A minute later he was poised above her, resting on his elbows. She took him in hand to guide him in. “Take it easy on me, Colonel Barbara. I’ve kind of forgotten how this thing goes.”

“It’s like riding a bicycle,” Barbie said.

Turned out he was right.

This is another example of tonal mismatch. Read it out loud and cringe. Given the context, I think we’re supposed to feel glad for these characters that they’ve gotten together. But it’s written like low comedy, or an entry for one of those contests of bad writing.

8.

One overweight woman (Mabel Alston; she also suffers from what she calls the dia-betties) sprains her ankle and lies there hollering until a couple of men come over and get her on [sic] remaining good foot. Lennie Meechum, the town postmaster (at least until this week, when delivery of the U.S. mail was canceled for the foreseeable future), borrows a cane for her. Then he tells Henry that Mabel needs a ride back to town. Henry says he can’t spare a car. She’ll have to rest in the shade, he says.

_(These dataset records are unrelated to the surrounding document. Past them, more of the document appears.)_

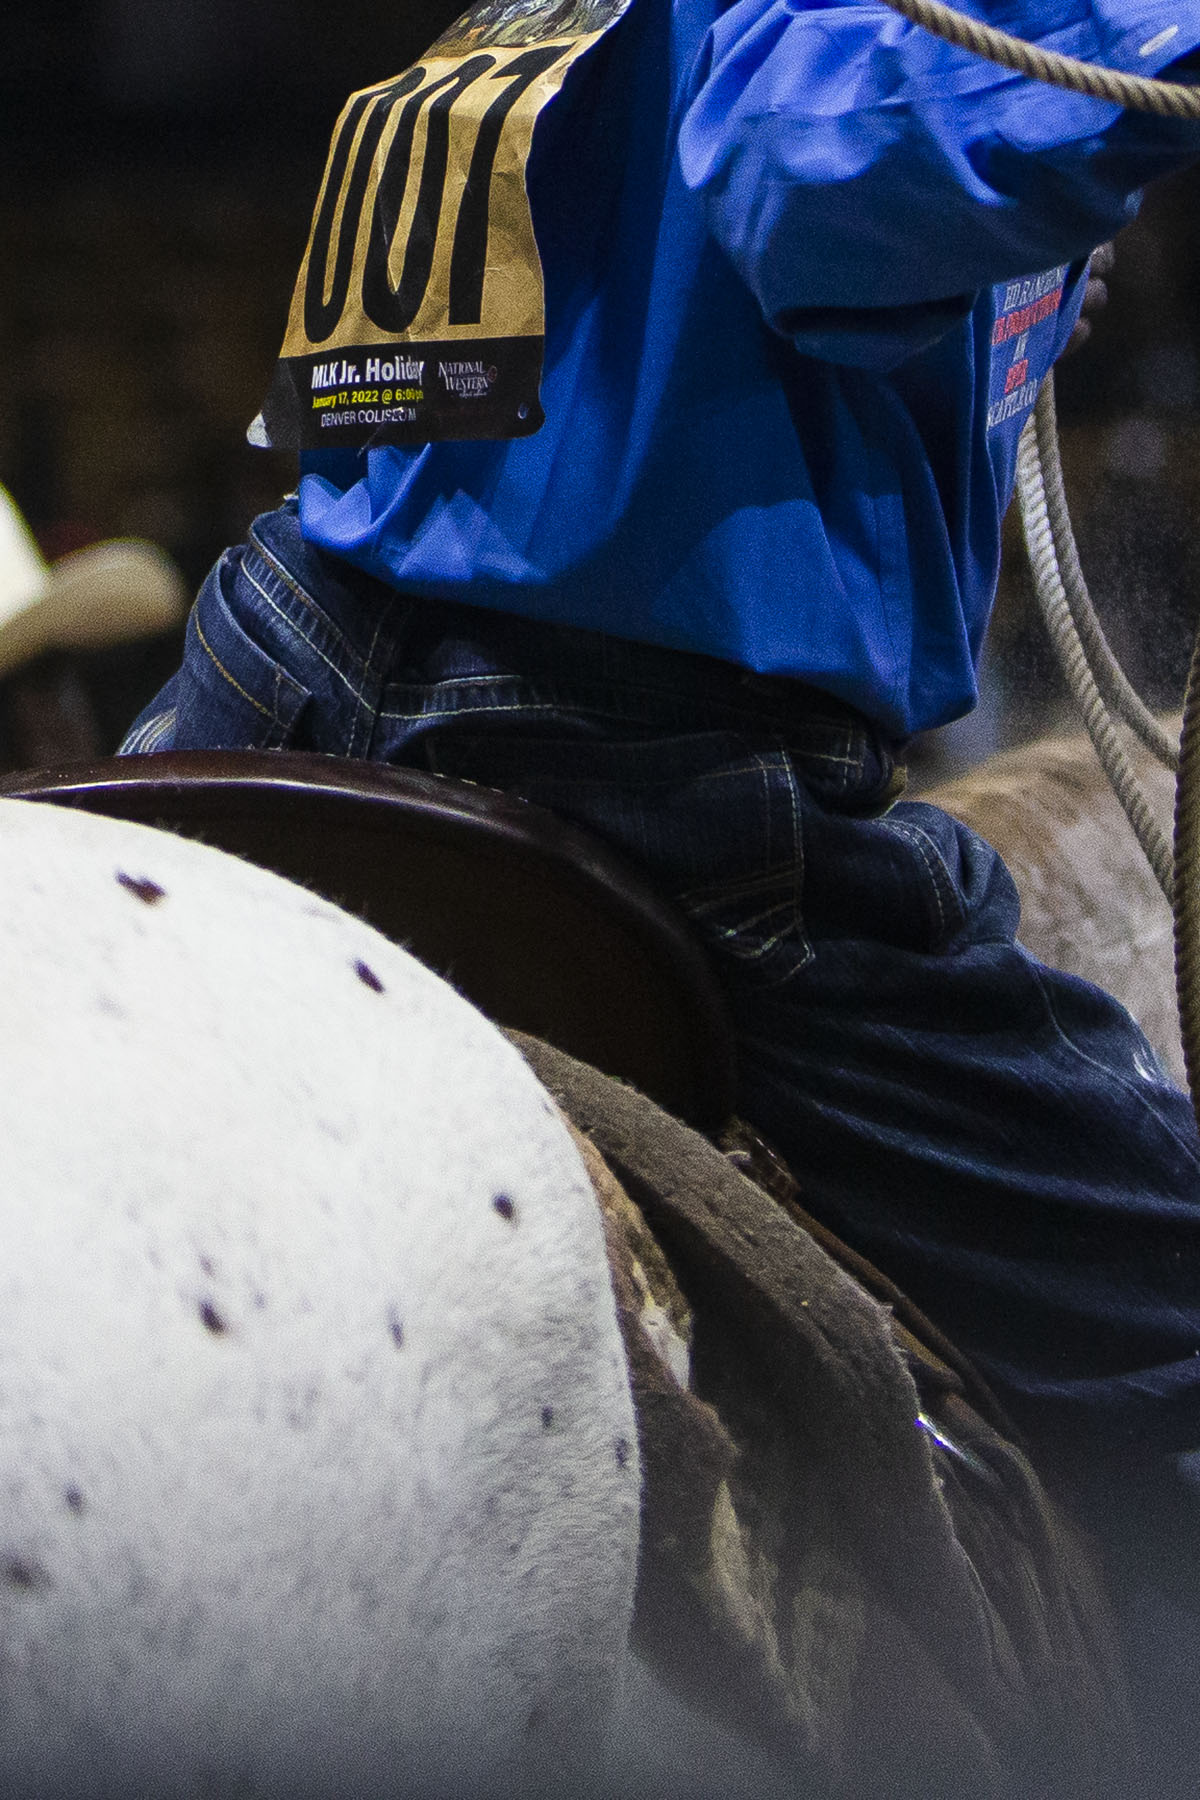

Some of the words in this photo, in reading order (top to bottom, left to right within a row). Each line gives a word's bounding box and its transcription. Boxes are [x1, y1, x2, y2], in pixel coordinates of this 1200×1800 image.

[311, 361, 339, 390] MLK
[339, 360, 361, 384] Jr.
[447, 376, 489, 391] WESTERN
[338, 391, 349, 405] 17,
[351, 389, 379, 404] 2022
[381, 388, 393, 405] @
[321, 410, 356, 428] DENVER

This is not storytelling. These are notes for storytelling. The paragraph reads like an index card plucked off the plotting board, transcribed, and filed away. The parentheticals are in the way and add nothing. And the typo, of eliding the word “her,” which is precisely the sort of error that crops up more frequently as the book moves past page 700, contributes to my sense that the book isn’t properly edited.

The writing is bad. It’s also reflective of what is a very bad novel.

The book shifts verb tenses many times, from past tense to present. At first I thought this was because sections of the story were being told in past tense by a survivor. But no, it appears to be a mistake.

The author constantly interrupts the narrative with asides and judgments that are distracting and wearisome.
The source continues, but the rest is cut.